WORK ITEM: The following data is to be repeated exactly, its pictures excluded.

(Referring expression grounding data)
* * *

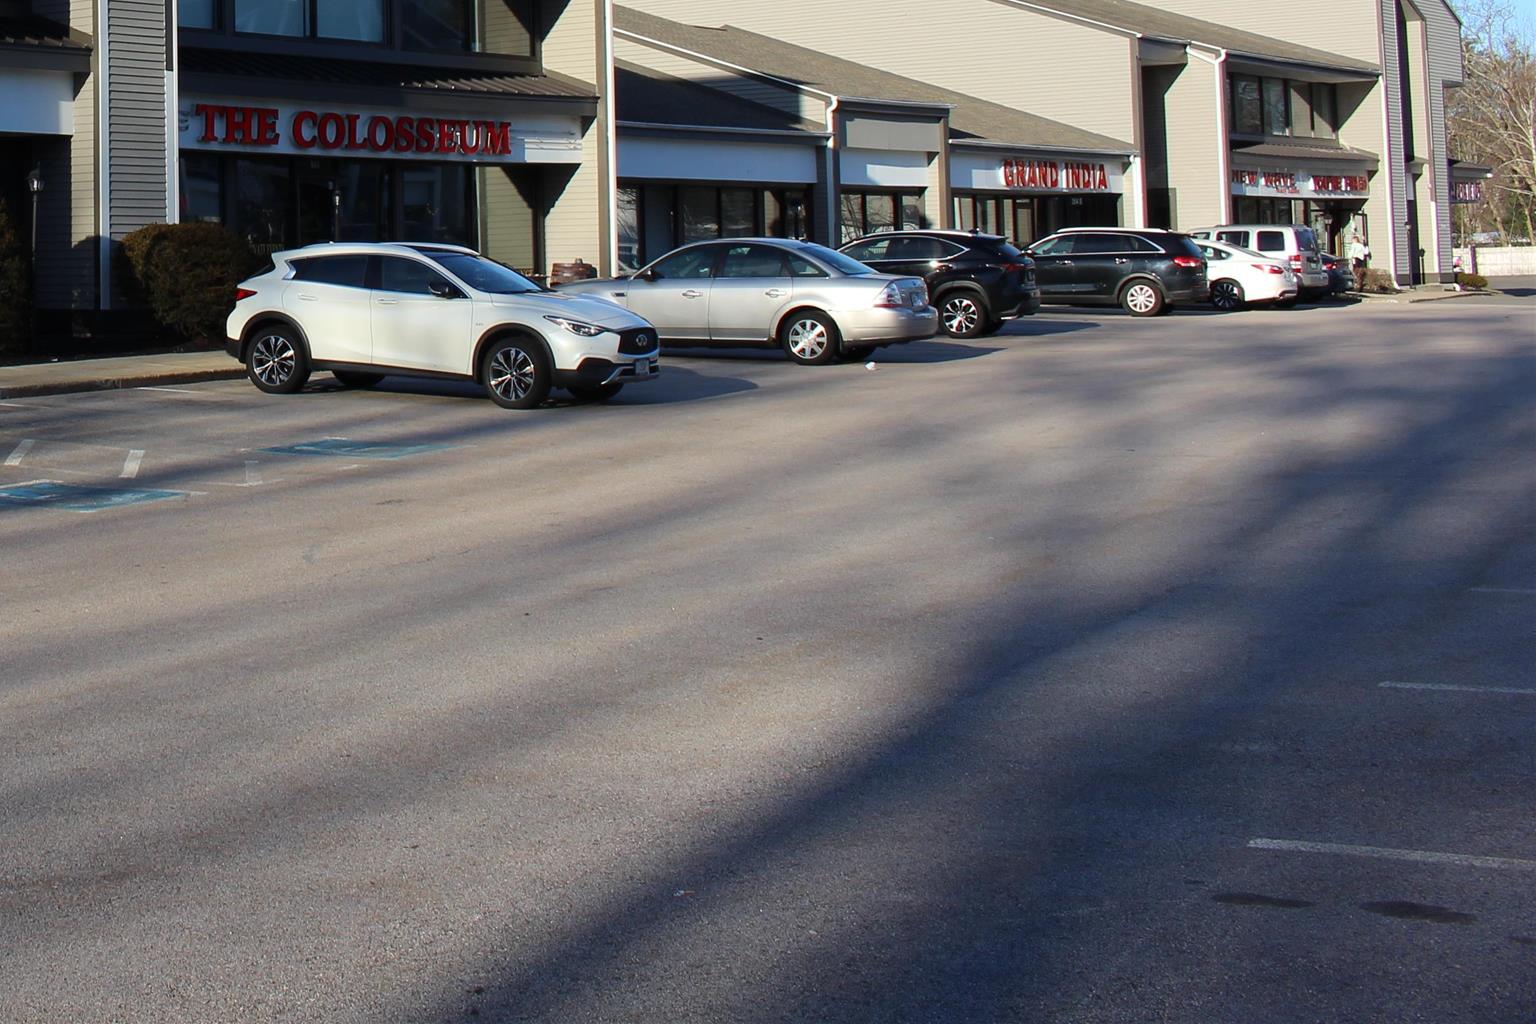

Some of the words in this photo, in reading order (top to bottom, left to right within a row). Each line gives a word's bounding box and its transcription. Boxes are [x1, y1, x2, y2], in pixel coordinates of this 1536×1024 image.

[195, 103, 280, 146] THE
[291, 110, 512, 155] COLOSSEUM
[1003, 159, 1060, 188] GRAND
[1064, 162, 1108, 190] INDIA
[1231, 169, 1258, 185] NEW

* * *

RESULT:
Some of the words in this photo, in reading order (top to bottom, left to right within a row). Each line gives a word's bounding box and its transcription. Boxes are [x1, y1, x2, y2], in pixel coordinates of this 1536×1024 image.

[195, 103, 280, 146] THE
[291, 110, 512, 155] COLOSSEUM
[1003, 159, 1060, 188] GRAND
[1064, 162, 1108, 190] INDIA
[1231, 169, 1258, 185] NEW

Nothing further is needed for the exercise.